Don’t count the minutes

We posed Motz’s question to Angela Clair, who is the assistant director at the Wilder Child Development Center in St. Paul.

Clair said it’s good to ask whether young students are getting the right amount of balance between playtime and classroom learning.

“Physical activity is really important for children, especially young children,” Clair said. “One, so they can learn how to take care of their body in healthy ways, but also to help their academic performance and social skills.”

Clair said while 30 to 45 minutes can be helpful, parents and educators shouldn’t be focusing too much on the time.

She said providing the right environment for productive playtime is the best way to approach the question. Clair recommends allowing as much “open play” as possible.

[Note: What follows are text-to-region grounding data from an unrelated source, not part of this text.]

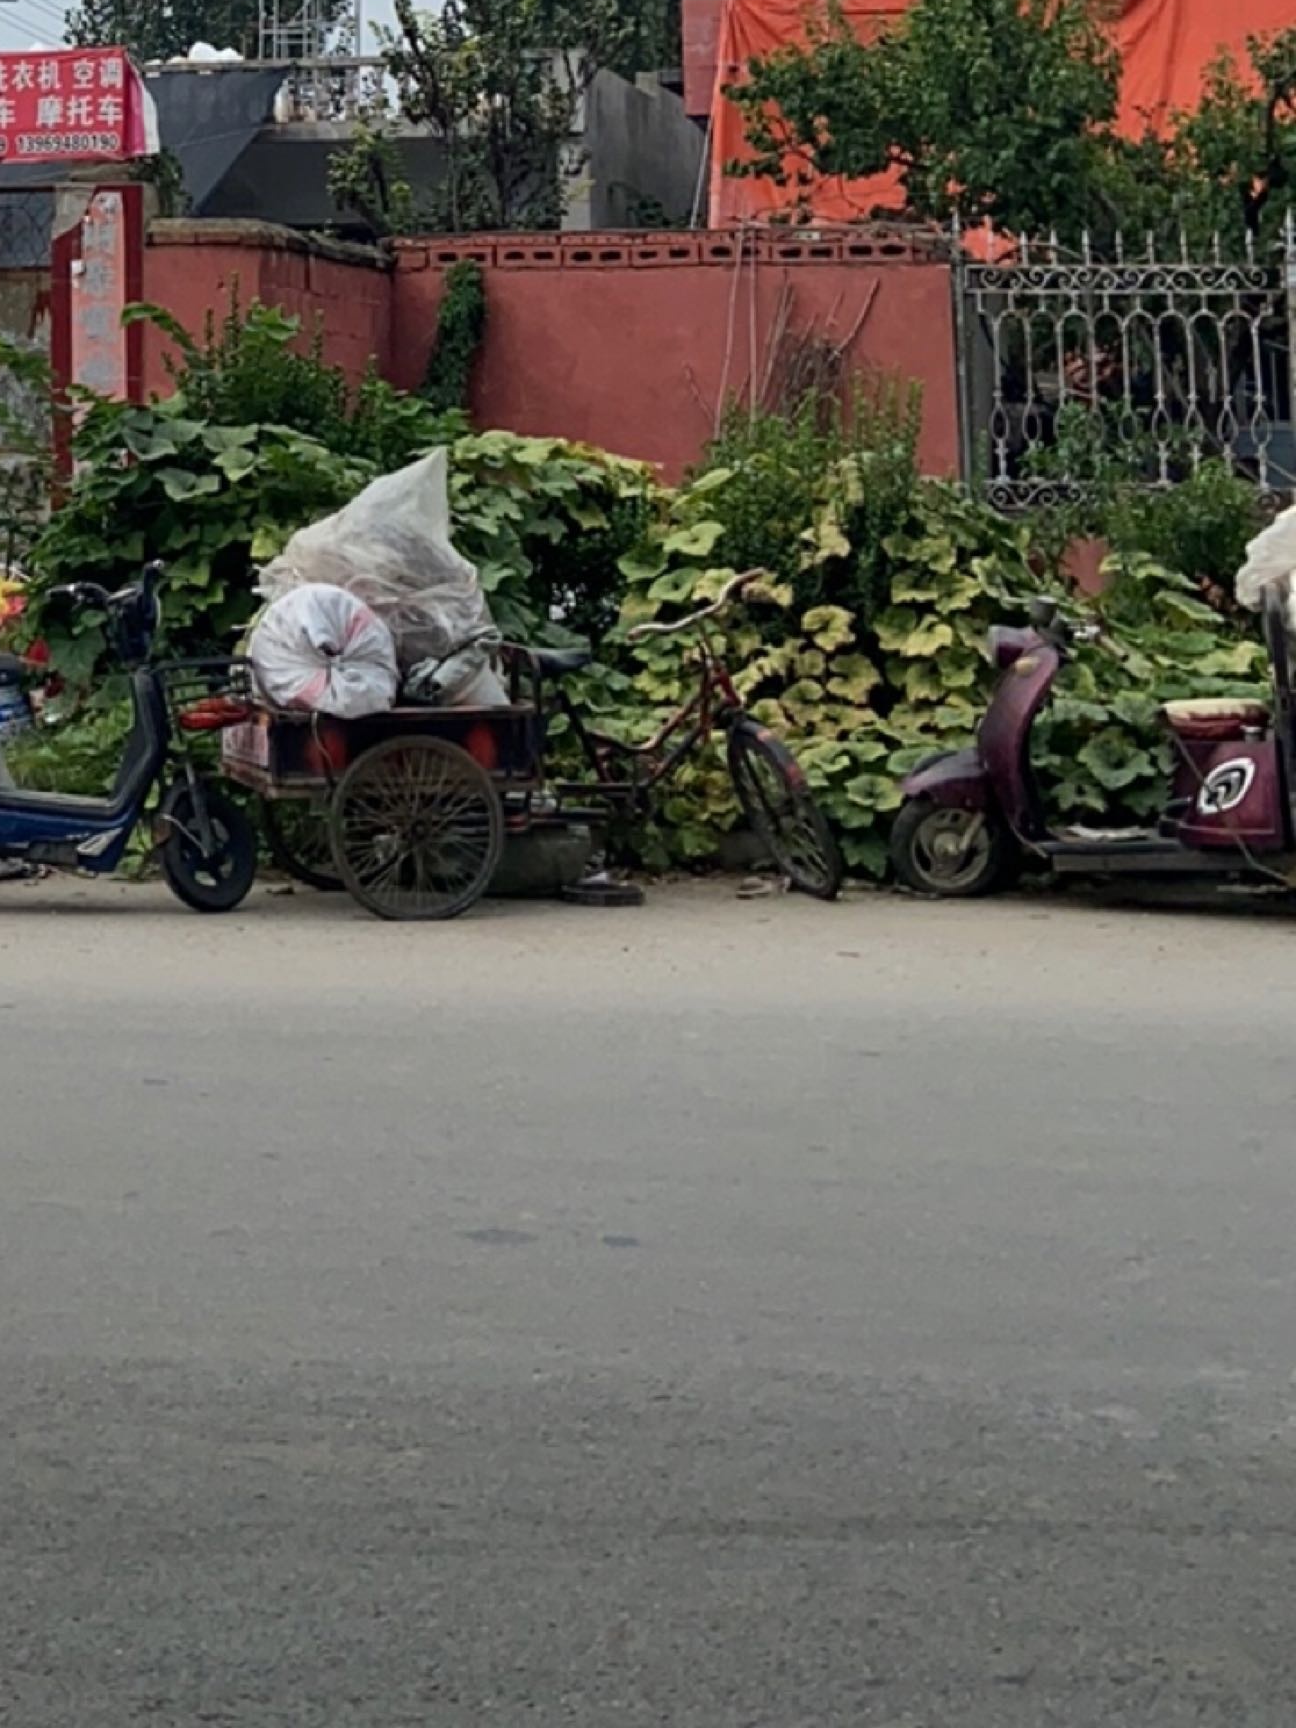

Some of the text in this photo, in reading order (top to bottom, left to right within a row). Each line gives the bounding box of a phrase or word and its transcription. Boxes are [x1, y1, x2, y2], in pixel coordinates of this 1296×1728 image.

[72, 57, 124, 89] 空调
[36, 95, 123, 127] 摩托车
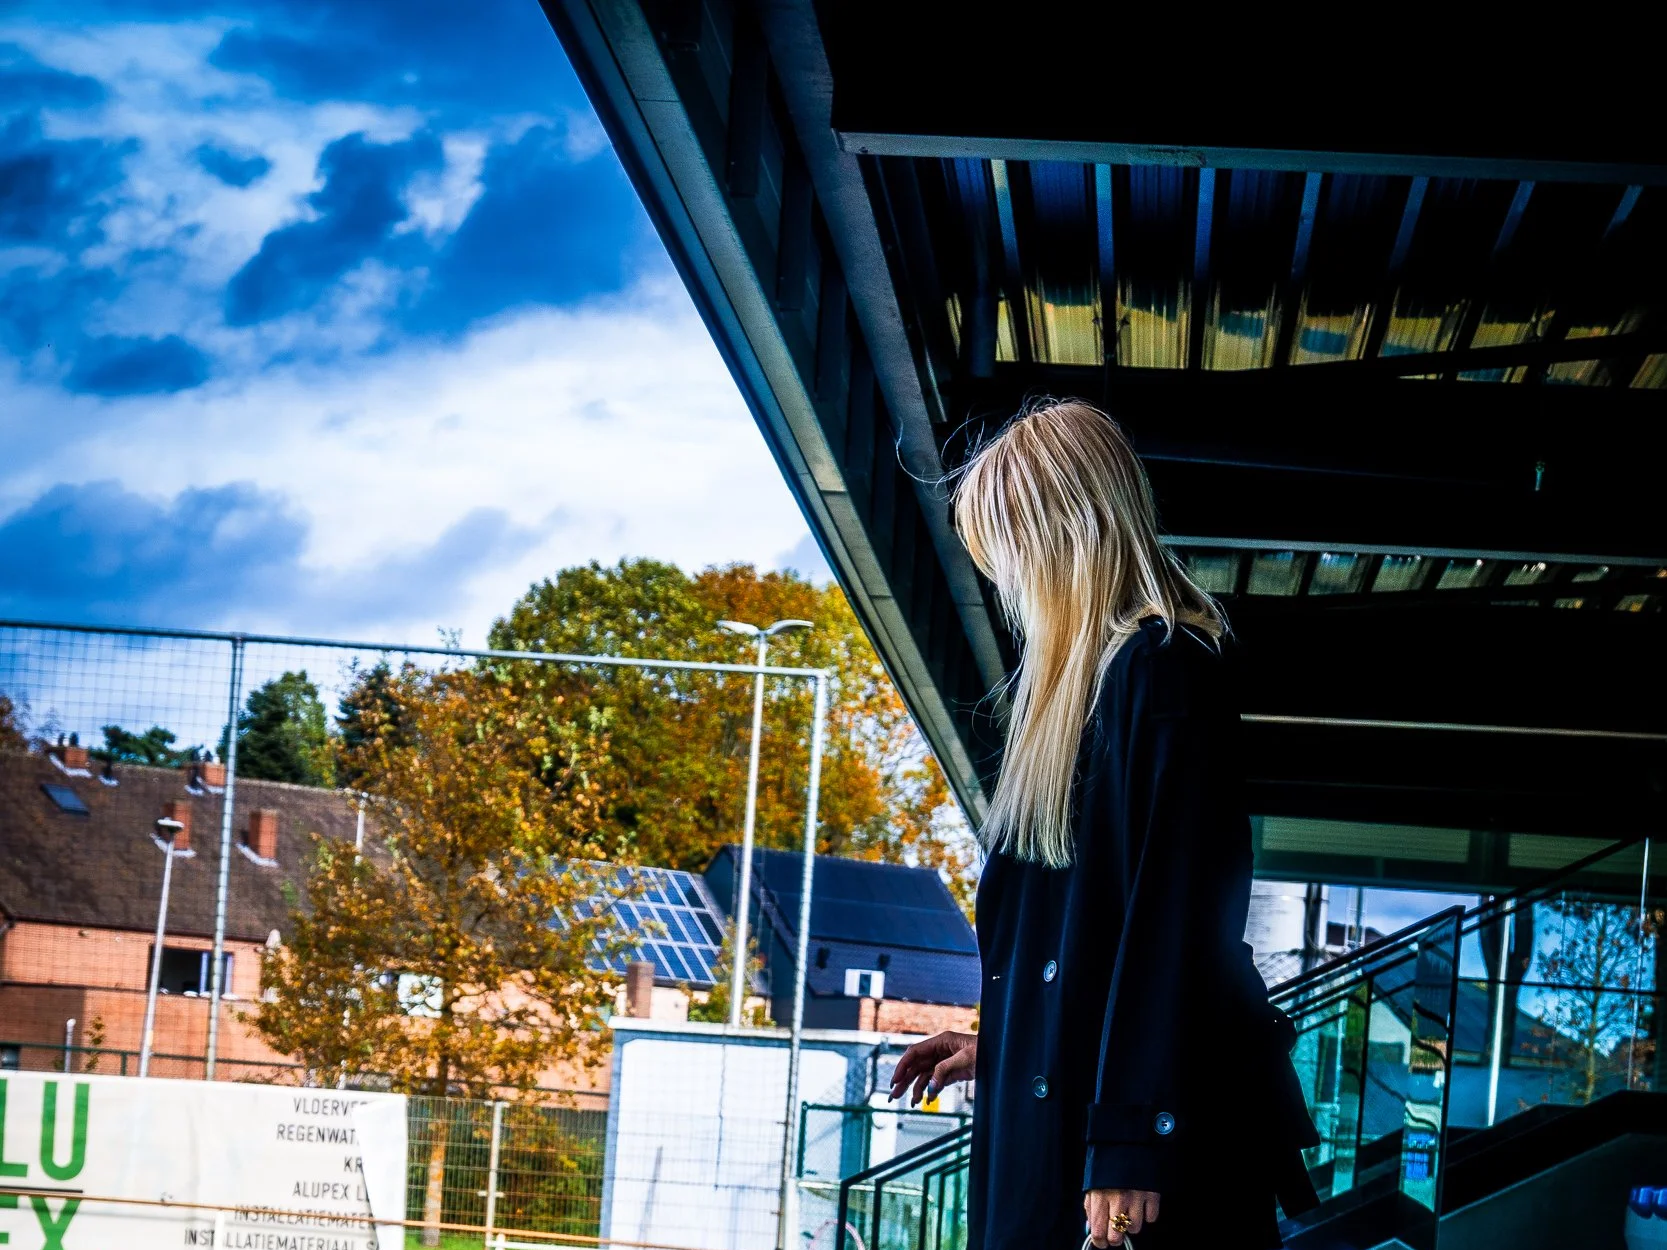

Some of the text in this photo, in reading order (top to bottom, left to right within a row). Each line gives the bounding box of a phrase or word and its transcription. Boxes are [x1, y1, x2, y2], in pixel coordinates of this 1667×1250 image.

[293, 1097, 368, 1116] VLOERV
[276, 1123, 359, 1146] REGENWAT
[292, 1180, 349, 1201] ALUPEX
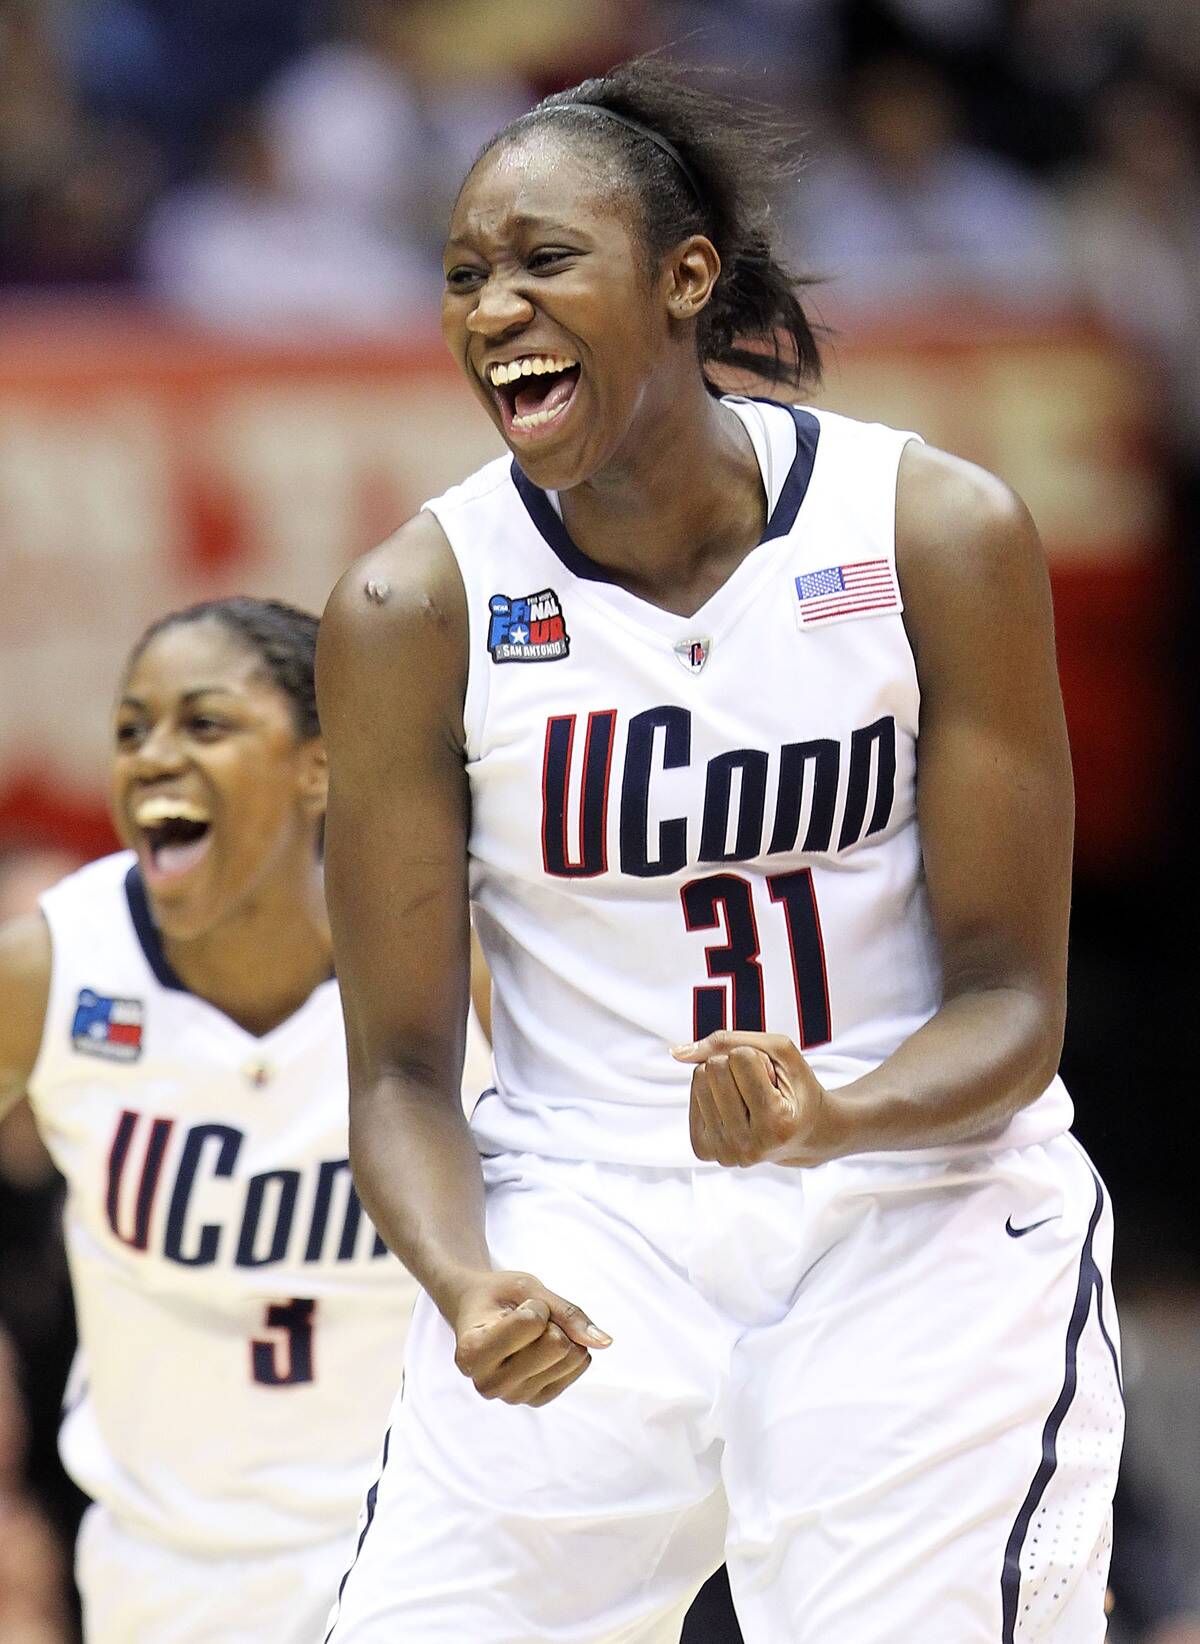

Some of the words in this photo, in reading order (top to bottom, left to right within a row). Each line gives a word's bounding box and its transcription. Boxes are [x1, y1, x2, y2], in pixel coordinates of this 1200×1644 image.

[503, 644, 522, 657] SAN
[524, 641, 561, 657] ANTONIO
[511, 597, 560, 622] FINAL
[542, 705, 896, 878] UConn
[680, 867, 832, 1050] 31
[105, 1110, 389, 1269] UCon
[251, 1298, 317, 1388] 3

“Open play is really important for children’s social skills as well, so they they can use their skills of planning and activity, and playing with their peers, which gives them future skills as an adult to be able to plan and execute,” Clair said.

If it’s too dark at the end of a school day to take your child to a park, experts like Clair recommend large indoor playrooms that can be found in most communities across the Twin Cities metro area.

But don’t completely ignore the minutes

Others say trying to stick to a longer time block is crucial in establishing playtime patterns. This recommendation, published in Edutopia in 2016, is from Pediatric Occupational Therapist Angela Hanscom.

Recess sessions that last at least an hour have the potential to foster creative play. Many early childhood centers stress the importance of large blocks of time (45-60 minutes). Observations through our summer camp program consistently demonstrate that it takes an average of 45 minutes of free play before children dive deep into more complex and evolved play schemes. It takes time for children to figure out who they're going to play with, what they're going to play, what everyone's role will be, and finally to execute their plan. If recess lasts only 15-20 minutes, the children are just figuring out who they'll play with and what they'll do before the bell rings and recess is over. Many times, this allows for few (if any) imaginative play opportunities.

The Minnesota factor

For kids raised in Minnesota, they can certainly relate to this scenario: They have some time to play, but the weather is way too cold!

The Wilder Center’s Angela Clair said on those days, even a little outside time is beneficial. She said parents and schools should avoid the temptation to try and shield the kids from the weather and make the best of things indoors.

Playing in the snow
Chelsea Gerth, left, 9, and Angel Martinez Carbaja, 10, race to grab snow from a picnic table during a snowball fight in the fresh snow, Sunday, Dec. 9, 2012, in Winona, Minn.
AP Photo/Winona Daily News, Joe Ahlquist

“Whether that’s going outside for a quick walk to go look for leaves, to make footprints in the snow, just some real quick activities that give them that fresh air and that opportunity to move their bodies.”

Clair says even just a little bit of quality outdoor playtime can give kids the ability to come back in and re-focus — no matter the season.